Etiology by Age < 5 years: - Congenital anomalies of kidney & urinary tract (CAKUT) - Hypoplasia, dysplasia, obstructive uropathy > 5 years: - Acquired/inherited GN - Immune-mediated diseases
Pathogenesis A) Hyperfiltration injury: Compensatory ↑ GFR in remaining nephrons → sclerosis. B) Proteinuria: Tubular toxicity, macrophage recruitment, fibrosis. C) Hypertension: Arteriolar nephrosclerosis + worsens hyperfiltration. D) Hyperphosphatemia: Ca-P deposition in kidney/vessels. E) Hyperlipidemia: Oxidative injury to glomeruli. ➡ Final common pathway: Tubulointerstitial fibrosis.
CKD-Mineral & Bone Disorder Pathophysiology: • Early FGF23 rise (Stage 2). • ↓ Vit D (1,25), Hypocalcemia, Hyperphosphatemia. • Secondary hyperparathyroidism. Clinical forms: • Osteitis fibrosa cystica (high turnover). • Adynamic bone disease (low turnover).
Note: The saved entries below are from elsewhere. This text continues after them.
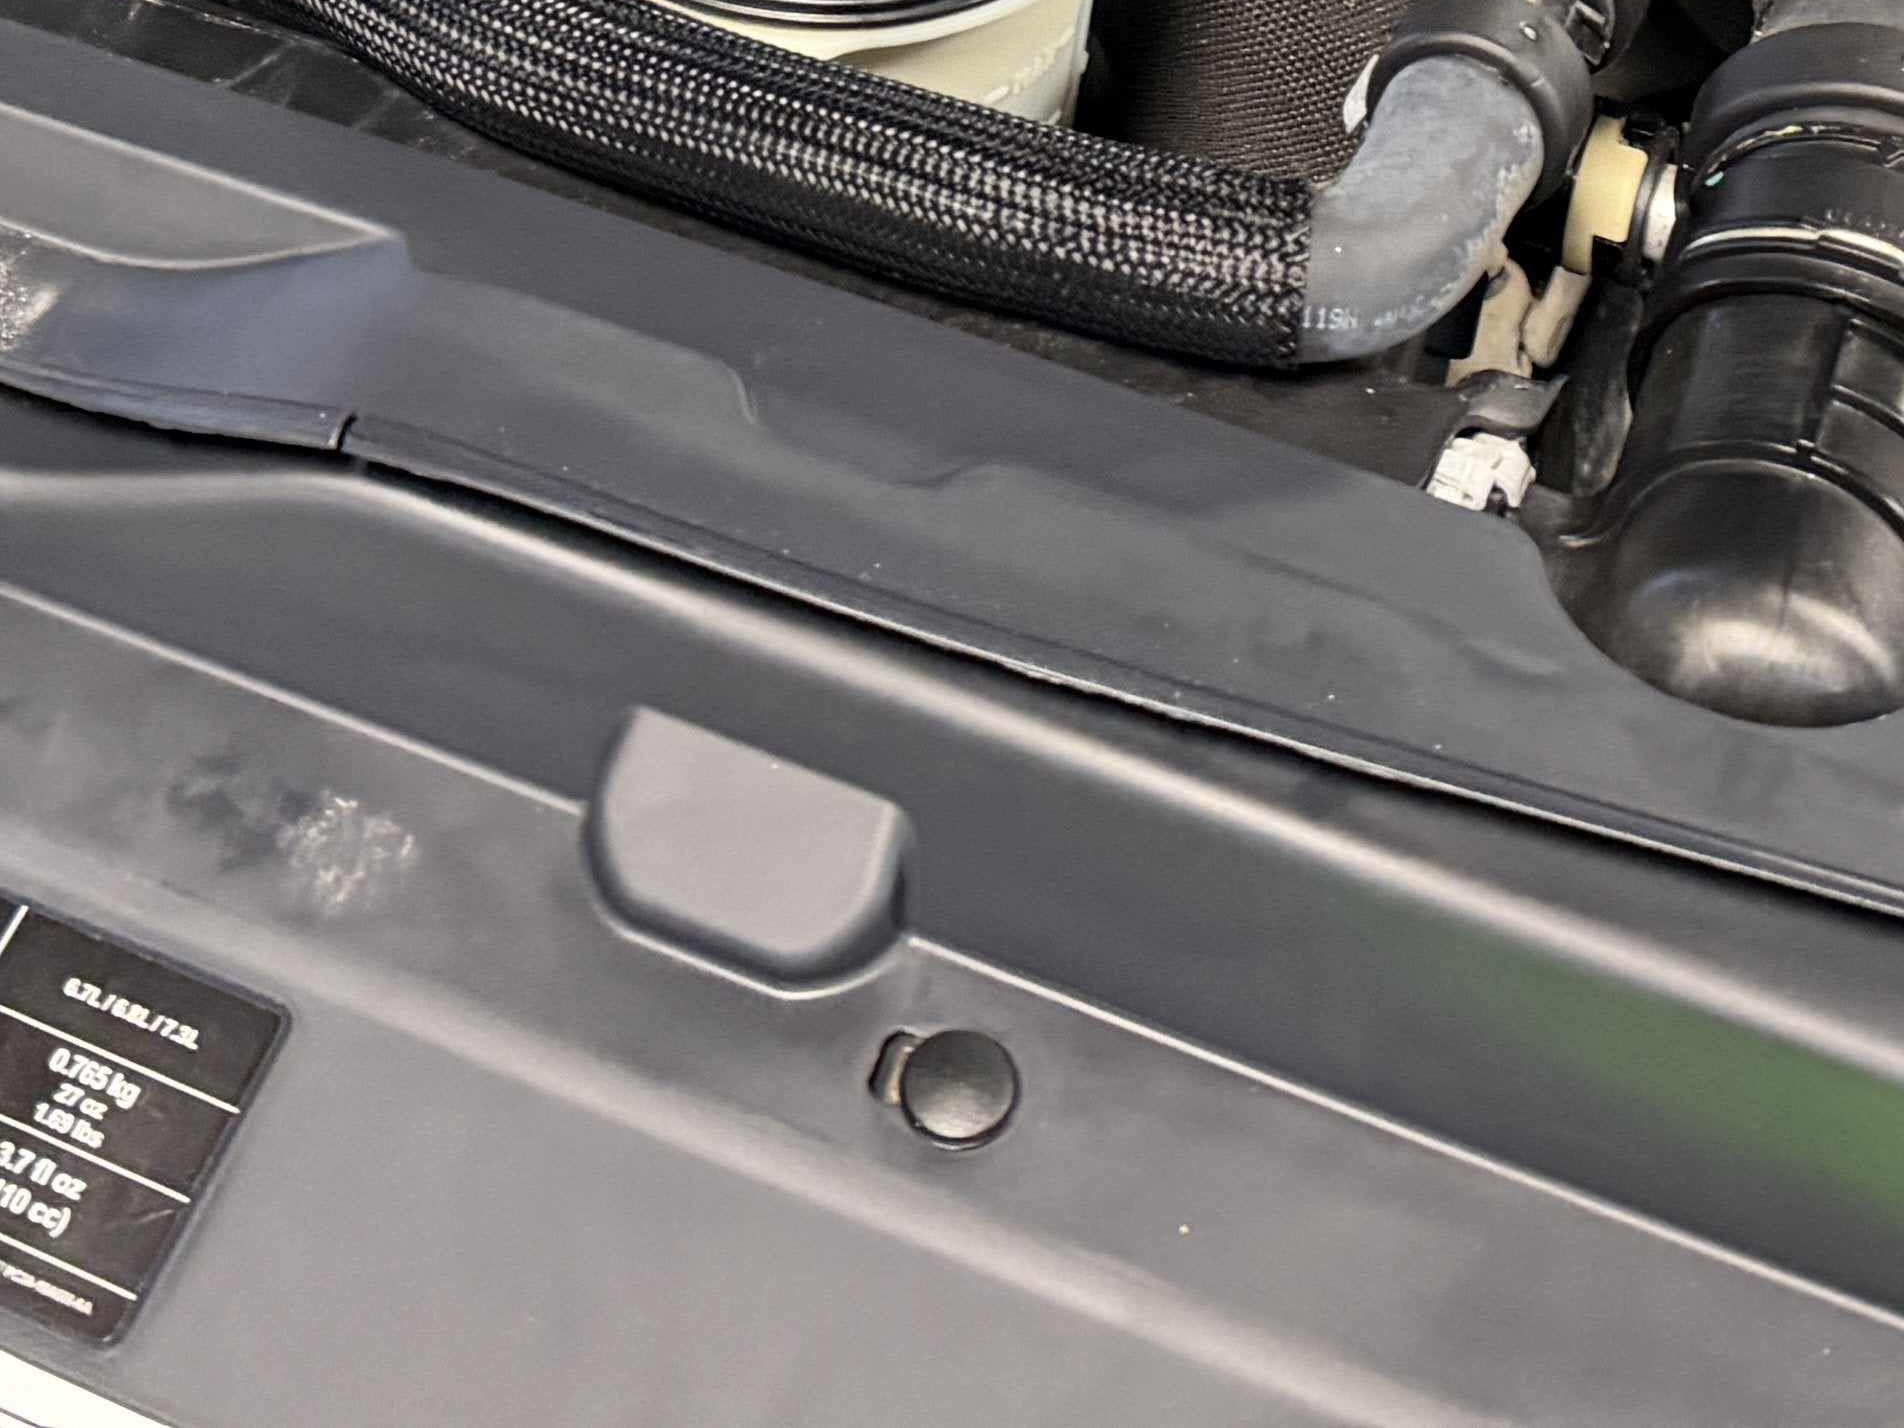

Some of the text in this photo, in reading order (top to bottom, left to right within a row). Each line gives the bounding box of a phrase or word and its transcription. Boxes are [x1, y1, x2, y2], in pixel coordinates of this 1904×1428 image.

[49, 1048, 141, 1109] 0.765 kg
[53, 1083, 108, 1120] 27 oz
[70, 1120, 105, 1148] lbs
[30, 1158, 57, 1186] fl
[51, 1172, 87, 1201] oz
[27, 1201, 71, 1238] cc)
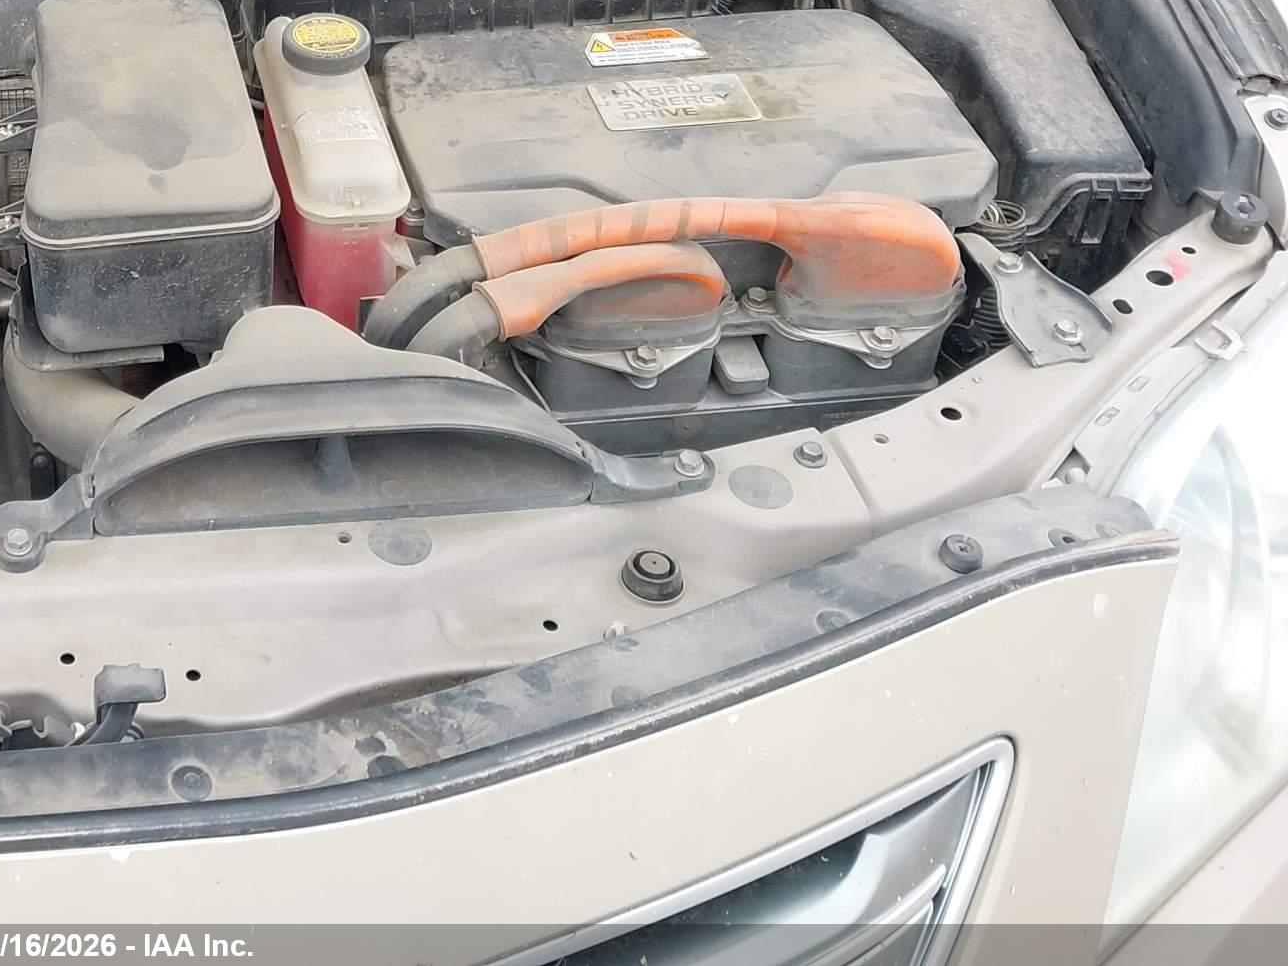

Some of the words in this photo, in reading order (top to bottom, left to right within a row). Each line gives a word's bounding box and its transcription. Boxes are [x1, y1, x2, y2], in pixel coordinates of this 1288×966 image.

[614, 84, 704, 100] HYBRID
[618, 91, 730, 110] SYNERGY
[623, 106, 700, 121] DRIVE
Complications: • Rickets, fractures, deformities. • Vascular & soft tissue calcification.
CKD-MBD Treatment • Low phosphorus diet (special formula in infants). • Phosphate binders (Ca-based, Sevelamer, Ferric citrate). • Avoid Aluminum binders. • Correct Vit D insufficiency (25OH Vit D ≥30). • Active Vit D sterols (Calcitriol, Alfacalcidiol) if PTH ↑. • Goal: Normalize Ca, P, PTH; prevent bone disease & calcification.
Growth & Anemia Growth retardation: • GH resistance • Correct nutrition, acidosis, bone disease. • rHuGH if height <-2SD despite optimal care. Anemia: • Appears when GFR <40. • Causes: ↓ EPO, Iron/B12/Folate deficiency. • Iron therapy if TSAT ≤20%, Ferritin ≤100. • ESA (Erythropoietin, Darbepoetin). • Hb target 11–12 g/dL.
Other Aspects of Management • Fluid & electrolytes: Restrict K, treat acidosis (Bicitra, NaHCO3). • Immunization: All vaccines; avoid live vaccines if immunosuppressed. • Drug dosing: Adjust for renal excretion. • Prevent infections: Catheter care, avoid nephrotoxins. • Psychosocial support for family & child.